Collected data:
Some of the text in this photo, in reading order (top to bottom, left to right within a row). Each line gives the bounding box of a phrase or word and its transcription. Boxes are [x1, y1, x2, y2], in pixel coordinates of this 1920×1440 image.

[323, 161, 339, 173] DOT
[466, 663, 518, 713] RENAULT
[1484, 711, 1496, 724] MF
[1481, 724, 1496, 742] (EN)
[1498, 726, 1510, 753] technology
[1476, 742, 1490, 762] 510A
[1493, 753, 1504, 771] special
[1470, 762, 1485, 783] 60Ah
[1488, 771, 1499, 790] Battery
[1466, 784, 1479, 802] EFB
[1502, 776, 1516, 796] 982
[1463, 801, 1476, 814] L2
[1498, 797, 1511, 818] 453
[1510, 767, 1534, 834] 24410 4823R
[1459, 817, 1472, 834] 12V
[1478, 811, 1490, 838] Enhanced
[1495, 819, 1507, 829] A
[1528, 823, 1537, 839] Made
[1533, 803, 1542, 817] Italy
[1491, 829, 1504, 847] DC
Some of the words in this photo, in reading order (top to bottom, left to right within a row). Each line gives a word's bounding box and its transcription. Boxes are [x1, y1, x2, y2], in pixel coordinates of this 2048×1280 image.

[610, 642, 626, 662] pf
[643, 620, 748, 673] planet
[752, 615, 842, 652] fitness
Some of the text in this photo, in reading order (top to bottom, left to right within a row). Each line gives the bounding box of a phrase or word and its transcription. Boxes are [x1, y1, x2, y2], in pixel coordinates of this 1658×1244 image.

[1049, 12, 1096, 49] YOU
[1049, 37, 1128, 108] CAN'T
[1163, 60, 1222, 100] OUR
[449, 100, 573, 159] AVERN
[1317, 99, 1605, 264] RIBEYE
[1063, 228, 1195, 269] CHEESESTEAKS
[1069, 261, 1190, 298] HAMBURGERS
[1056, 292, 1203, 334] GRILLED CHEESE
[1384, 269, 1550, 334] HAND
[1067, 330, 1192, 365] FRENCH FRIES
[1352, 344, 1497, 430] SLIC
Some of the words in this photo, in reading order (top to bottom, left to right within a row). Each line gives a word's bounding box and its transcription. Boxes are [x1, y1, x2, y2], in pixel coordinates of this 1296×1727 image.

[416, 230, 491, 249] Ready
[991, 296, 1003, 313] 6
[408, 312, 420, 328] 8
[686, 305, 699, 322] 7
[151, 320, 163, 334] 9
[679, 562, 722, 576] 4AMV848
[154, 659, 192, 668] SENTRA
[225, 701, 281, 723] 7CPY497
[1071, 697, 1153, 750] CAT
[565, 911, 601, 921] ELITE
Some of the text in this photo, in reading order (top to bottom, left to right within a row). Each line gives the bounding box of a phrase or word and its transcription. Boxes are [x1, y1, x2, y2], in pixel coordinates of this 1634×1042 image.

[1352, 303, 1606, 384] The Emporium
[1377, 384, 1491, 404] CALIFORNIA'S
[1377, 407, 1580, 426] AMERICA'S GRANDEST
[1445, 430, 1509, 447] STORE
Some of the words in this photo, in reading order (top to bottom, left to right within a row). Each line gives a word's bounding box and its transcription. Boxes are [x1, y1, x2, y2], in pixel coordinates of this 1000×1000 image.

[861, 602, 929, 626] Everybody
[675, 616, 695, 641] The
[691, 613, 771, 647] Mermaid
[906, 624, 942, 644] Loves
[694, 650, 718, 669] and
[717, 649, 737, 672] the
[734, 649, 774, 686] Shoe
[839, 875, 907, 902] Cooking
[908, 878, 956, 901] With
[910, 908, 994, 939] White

Exercise goal: Please reproduce each entry exactly as it appears.

Your solution:
Some of the text in this photo, in reading order (top to bottom, left to right within a row). Each line gives the bounding box of a phrase or word and its transcription. Boxes are [x1, y1, x2, y2], in pixel coordinates of this 1920×1440 image.

[323, 161, 339, 173] DOT
[466, 663, 518, 713] RENAULT
[1484, 711, 1496, 724] MF
[1481, 724, 1496, 742] (EN)
[1498, 726, 1510, 753] technology
[1476, 742, 1490, 762] 510A
[1493, 753, 1504, 771] special
[1470, 762, 1485, 783] 60Ah
[1488, 771, 1499, 790] Battery
[1466, 784, 1479, 802] EFB
[1502, 776, 1516, 796] 982
[1463, 801, 1476, 814] L2
[1498, 797, 1511, 818] 453
[1510, 767, 1534, 834] 24410 4823R
[1459, 817, 1472, 834] 12V
[1478, 811, 1490, 838] Enhanced
[1495, 819, 1507, 829] A
[1528, 823, 1537, 839] Made
[1533, 803, 1542, 817] Italy
[1491, 829, 1504, 847] DC
Some of the words in this photo, in reading order (top to bottom, left to right within a row). Each line gives a word's bounding box and its transcription. Boxes are [x1, y1, x2, y2], in pixel coordinates of this 2048×1280 image.

[610, 642, 626, 662] pf
[643, 620, 748, 673] planet
[752, 615, 842, 652] fitness
Some of the text in this photo, in reading order (top to bottom, left to right within a row). Each line gives the bounding box of a phrase or word and its transcription. Boxes are [x1, y1, x2, y2], in pixel coordinates of this 1658×1244 image.

[1049, 12, 1096, 49] YOU
[1049, 37, 1128, 108] CAN'T
[1163, 60, 1222, 100] OUR
[449, 100, 573, 159] AVERN
[1317, 99, 1605, 264] RIBEYE
[1063, 228, 1195, 269] CHEESESTEAKS
[1069, 261, 1190, 298] HAMBURGERS
[1056, 292, 1203, 334] GRILLED CHEESE
[1384, 269, 1550, 334] HAND
[1067, 330, 1192, 365] FRENCH FRIES
[1352, 344, 1497, 430] SLIC
Some of the words in this photo, in reading order (top to bottom, left to right within a row). Each line gives a word's bounding box and its transcription. Boxes are [x1, y1, x2, y2], in pixel coordinates of this 1296×1727 image.

[416, 230, 491, 249] Ready
[991, 296, 1003, 313] 6
[408, 312, 420, 328] 8
[686, 305, 699, 322] 7
[151, 320, 163, 334] 9
[679, 562, 722, 576] 4AMV848
[154, 659, 192, 668] SENTRA
[225, 701, 281, 723] 7CPY497
[1071, 697, 1153, 750] CAT
[565, 911, 601, 921] ELITE
Some of the text in this photo, in reading order (top to bottom, left to right within a row). Each line gives the bounding box of a phrase or word and its transcription. Boxes are [x1, y1, x2, y2], in pixel coordinates of this 1634×1042 image.

[1352, 303, 1606, 384] The Emporium
[1377, 384, 1491, 404] CALIFORNIA'S
[1377, 407, 1580, 426] AMERICA'S GRANDEST
[1445, 430, 1509, 447] STORE
Some of the words in this photo, in reading order (top to bottom, left to right within a row). Each line gives a word's bounding box and its transcription. Boxes are [x1, y1, x2, y2], in pixel coordinates of this 1000×1000 image.

[861, 602, 929, 626] Everybody
[675, 616, 695, 641] The
[691, 613, 771, 647] Mermaid
[906, 624, 942, 644] Loves
[694, 650, 718, 669] and
[717, 649, 737, 672] the
[734, 649, 774, 686] Shoe
[839, 875, 907, 902] Cooking
[908, 878, 956, 901] With
[910, 908, 994, 939] White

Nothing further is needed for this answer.